Das Besondere: Viele der Jugendlichen haben selbst an diesem Aufklärungsprojekt teilgenommen. Dadurch entsteht ein persönlicher Zugang und gleichzeitig die Neugier, mehr über die Erfahrungen früherer Generationen zu erfahren. Wie wurden ihre Eltern oder Großeltern aufgeklärt? Was hat sich verändert? Und was ist vielleicht gleich geblieben?
Die Motivation für das Projekt entstand aus genau solchen Gesprächen. Dabei wurde deutlich, dass das Thema nicht nur historisch spannend ist, sondern auch hochaktuell. Denn obwohl Informationen heute scheinbar überall verfügbar sind, zeigt sich, dass Wissen oft lückenhaft oder unsicher ist. Gleichzeitig stehen Aufklärungsangebote immer wieder in gesellschaftlichen Debatten.

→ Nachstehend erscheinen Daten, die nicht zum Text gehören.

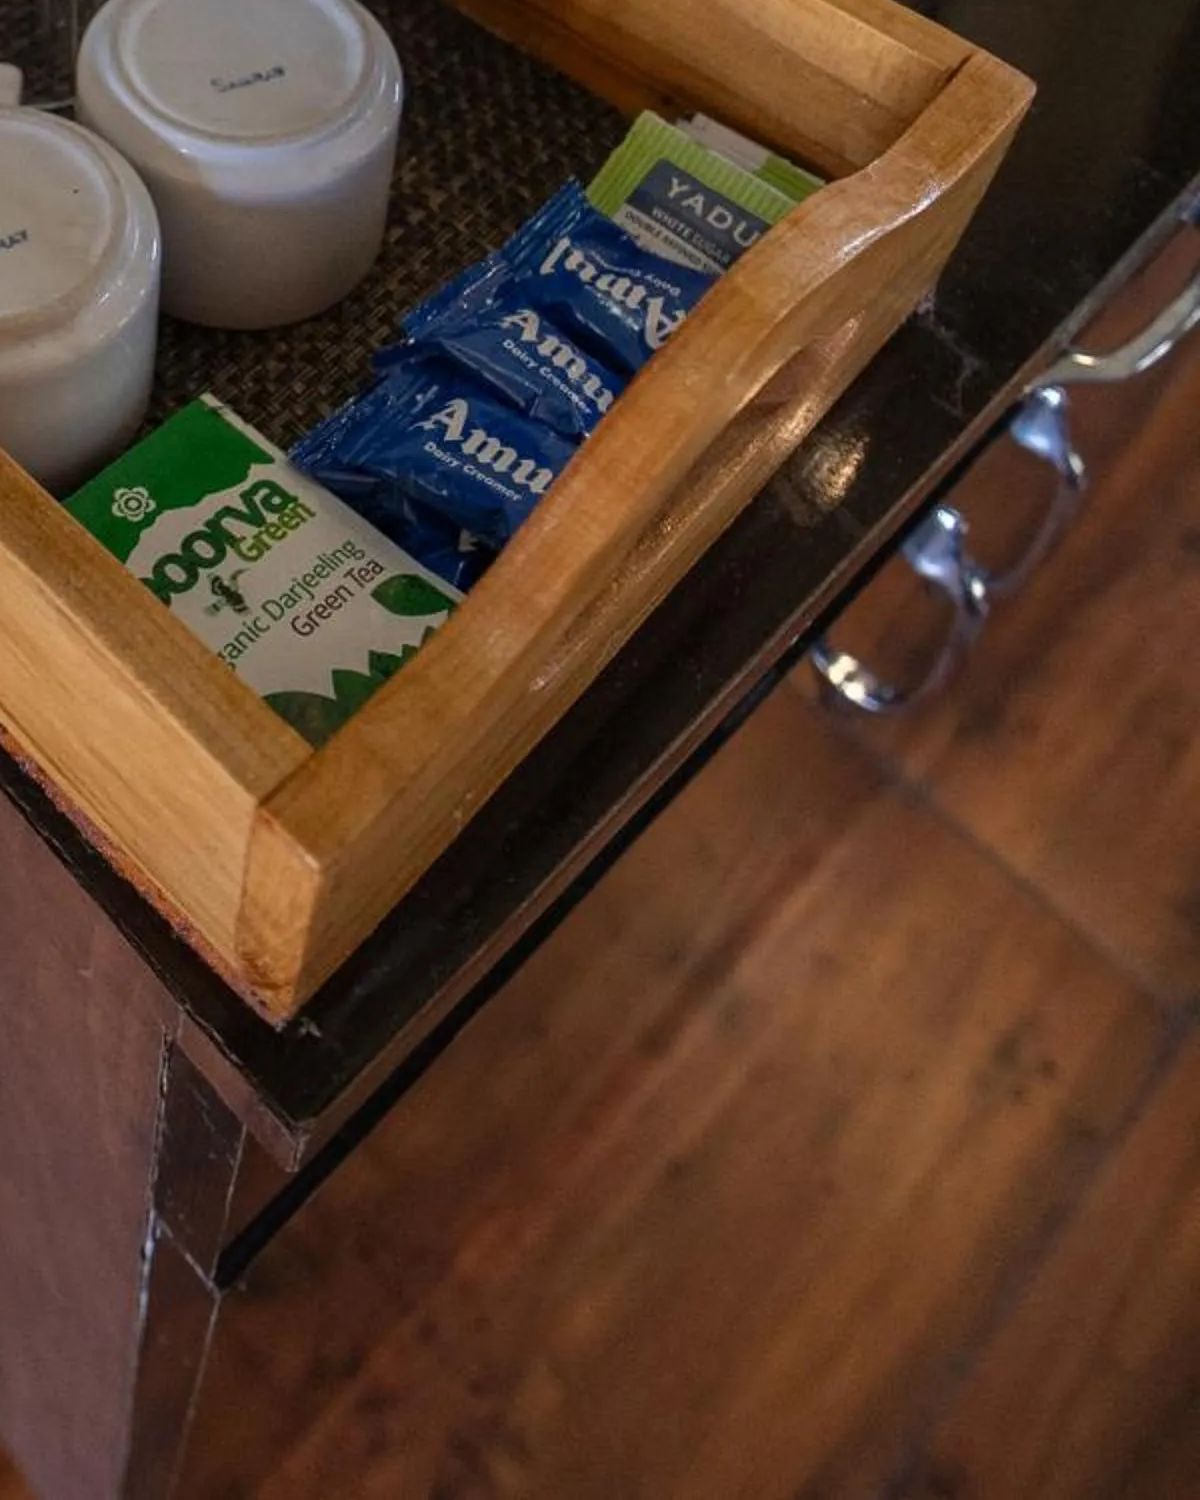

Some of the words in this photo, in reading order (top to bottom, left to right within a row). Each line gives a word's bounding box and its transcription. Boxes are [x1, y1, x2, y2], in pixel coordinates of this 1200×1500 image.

Das Projekt greift diese Spannungsfelder auf und zeigt, wie wichtig fundierte, altersgerechte Aufklärung für Selbstbestimmung, Gesundheit und gesellschaftliche Teilhabe ist. Jugendliche setzen sich kritisch mit Entwicklungen auseinander und entwickeln eigene Ideen für die Zukunft.
In der Umsetzung arbeiten sie mit unterschiedlichen Methoden: Sie analysieren alte Materialien, führen Interviews mit Zeitzeug*innen, Fachkräften und verschiedenen Generationen und vergleichen deren Erfahrungen. Die Ergebnisse werden ausgewertet, eingeordnet und in Form einer Broschüre oder eines Films dokumentiert.
Kooperationspartner sind Schulen, Fachkräfte der Jugendarbeit sowie medizinische Expert:innen.
Träger: JUGENDladen Rochlitz – Muldentaler Jugendhäuser e.V.